* [Work required]: Word for word, and without a single picture, repeat the entries.

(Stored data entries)
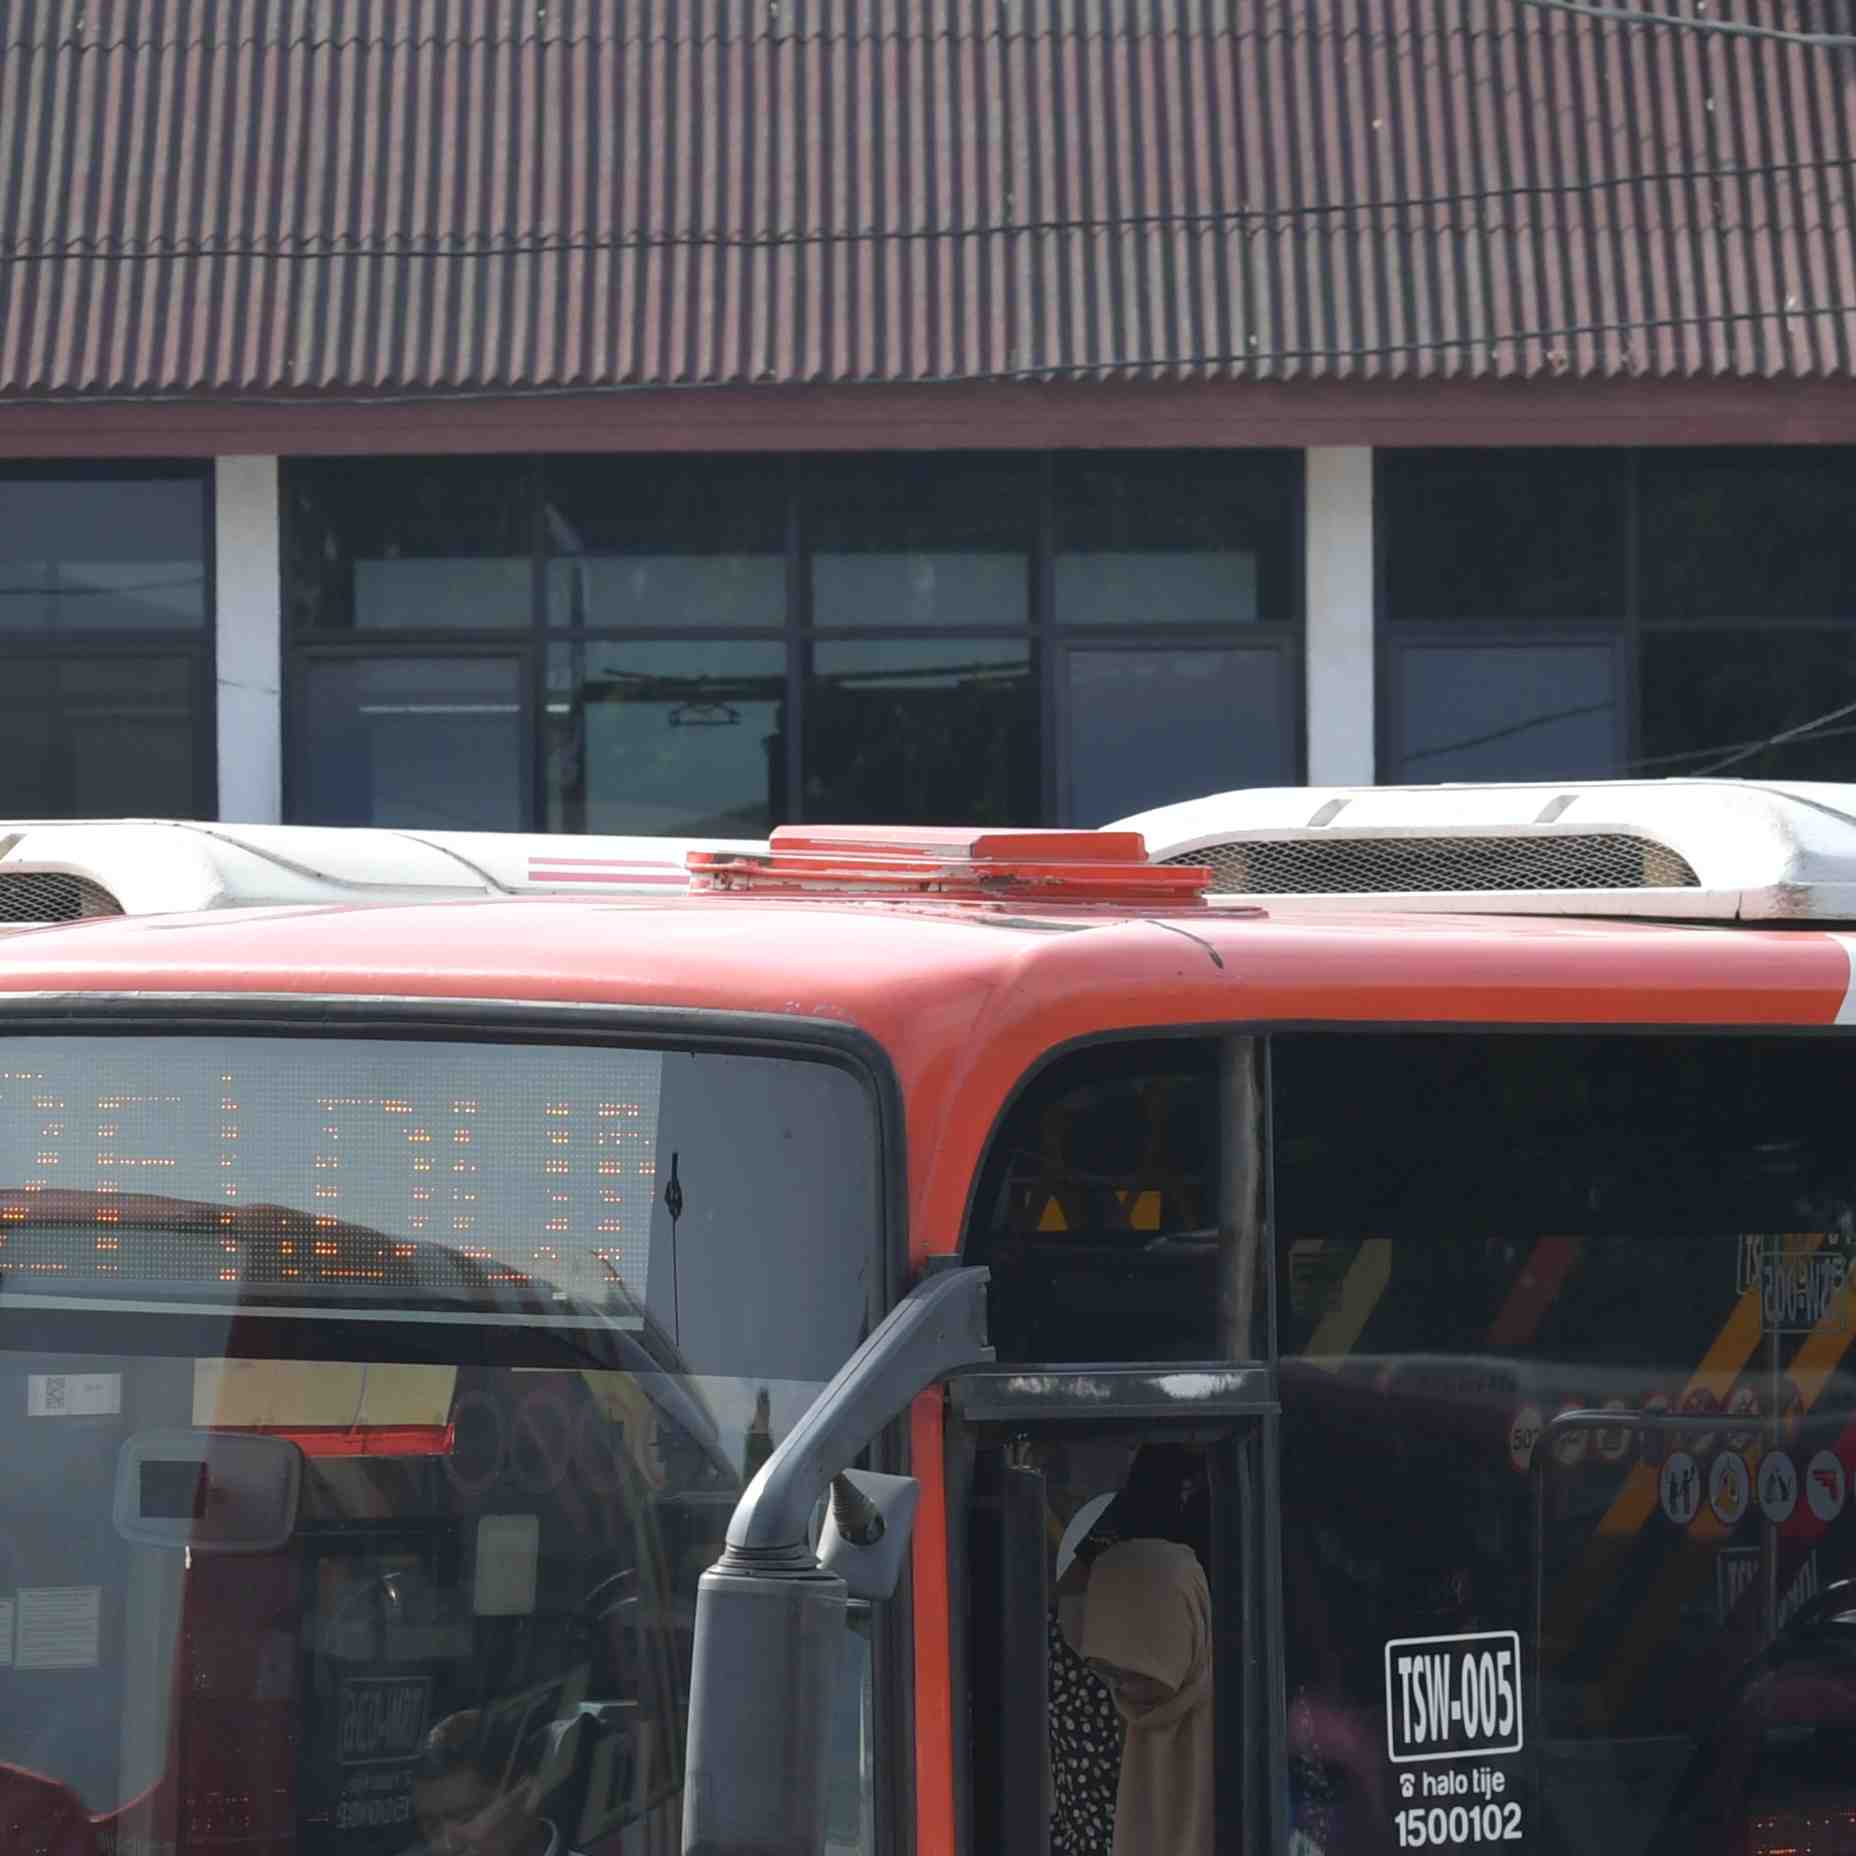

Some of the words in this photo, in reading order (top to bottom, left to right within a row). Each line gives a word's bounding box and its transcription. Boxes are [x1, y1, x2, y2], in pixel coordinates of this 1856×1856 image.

[1397, 1650, 1514, 1744] TSW-005
[1422, 1770, 1468, 1797] halo
[1472, 1767, 1506, 1801] tije
[1394, 1801, 1523, 1848] 1500102
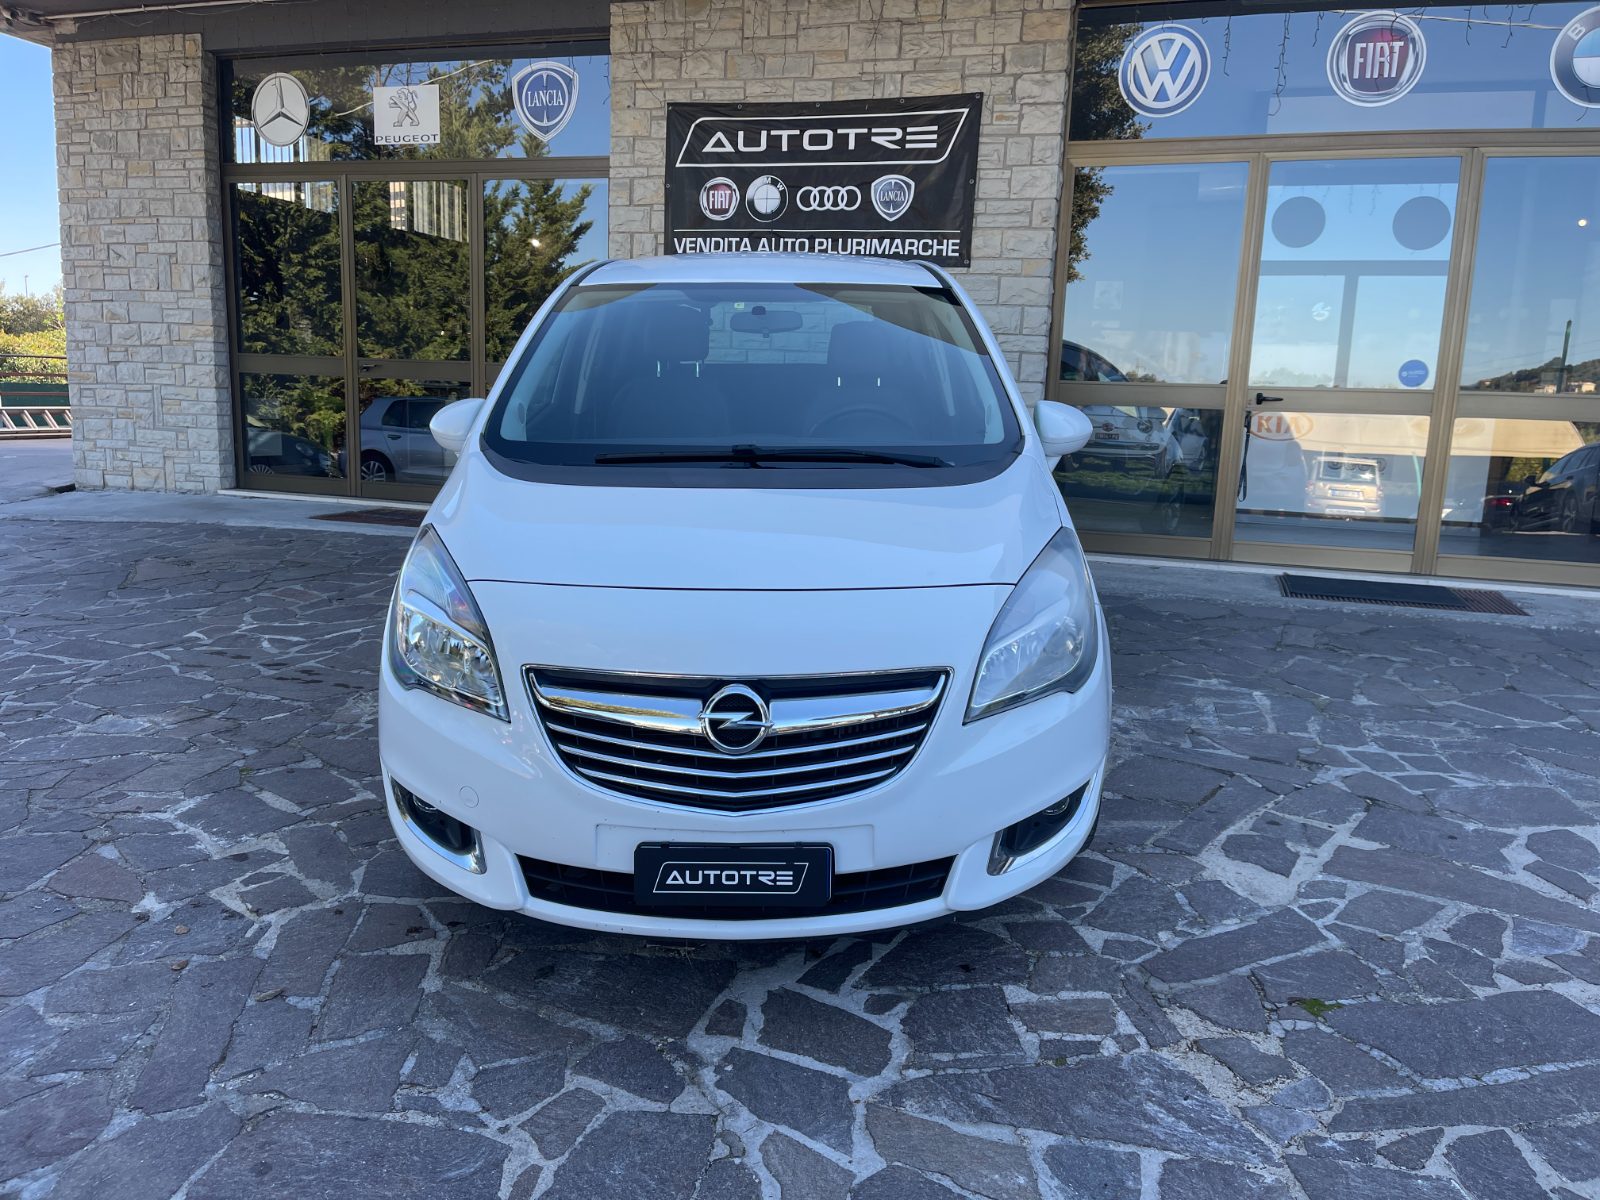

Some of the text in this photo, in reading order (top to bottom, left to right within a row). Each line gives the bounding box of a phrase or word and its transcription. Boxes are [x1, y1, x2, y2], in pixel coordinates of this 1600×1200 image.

* [Solution for this task]:
Some of the words in this photo, in reading order (top to bottom, left to right within a row). Each line gives a word's bounding box and its transcription. Boxes are [x1, y1, x2, y2], in pixel coordinates of this 1856×1856 image.

[1397, 1650, 1514, 1744] TSW-005
[1422, 1770, 1468, 1797] halo
[1472, 1767, 1506, 1801] tije
[1394, 1801, 1523, 1848] 1500102

Some of the text in this photo, in reading order (top to bottom, left to right within a row). Each line gives the bounding box of a phrase or word and its transcription. Boxes are [x1, y1, x2, y2], in pixel coordinates of this 1600×1200 image.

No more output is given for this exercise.